Entries taken from a collection
──────────────────────────────

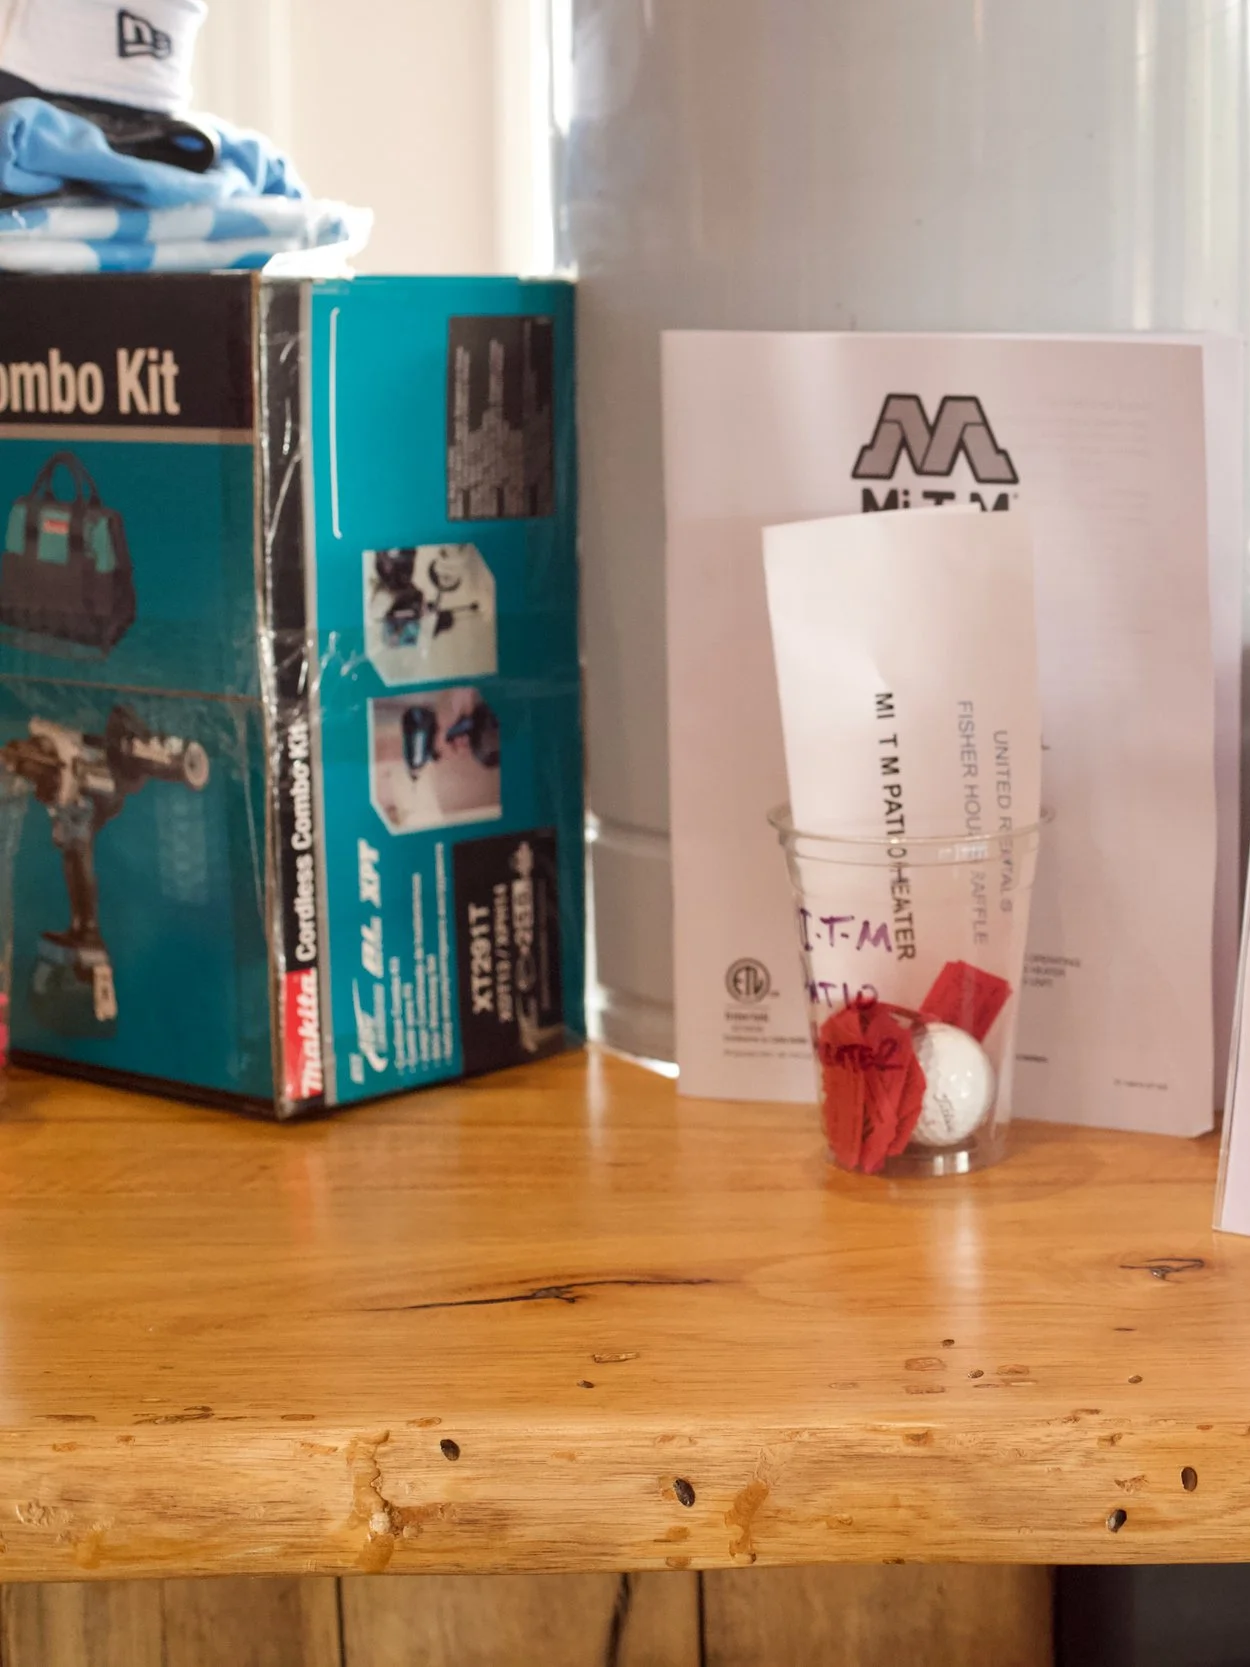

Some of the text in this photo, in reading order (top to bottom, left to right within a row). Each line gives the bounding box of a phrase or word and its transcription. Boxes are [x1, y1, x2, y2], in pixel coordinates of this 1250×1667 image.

[116, 347, 181, 415] Kit
[875, 692, 895, 720] MI
[879, 733, 898, 749] T
[957, 700, 980, 778] FISHER
[880, 756, 900, 775] M
[993, 730, 1013, 810] UNITED
[290, 759, 313, 850] Combo
[295, 853, 317, 962] Cordless

──────────────────────────────

Task requirements
Strip the images and return the remaining data exactly.

Result
Some of the text in this photo, in reading order (top to bottom, left to right within a row). Each line gives the bounding box of a phrase or word and its transcription. Boxes are [x1, y1, x2, y2], in pixel coordinates of this 1250×1667 image.

[116, 347, 181, 415] Kit
[875, 692, 895, 720] MI
[879, 733, 898, 749] T
[957, 700, 980, 778] FISHER
[880, 756, 900, 775] M
[993, 730, 1013, 810] UNITED
[290, 759, 313, 850] Combo
[295, 853, 317, 962] Cordless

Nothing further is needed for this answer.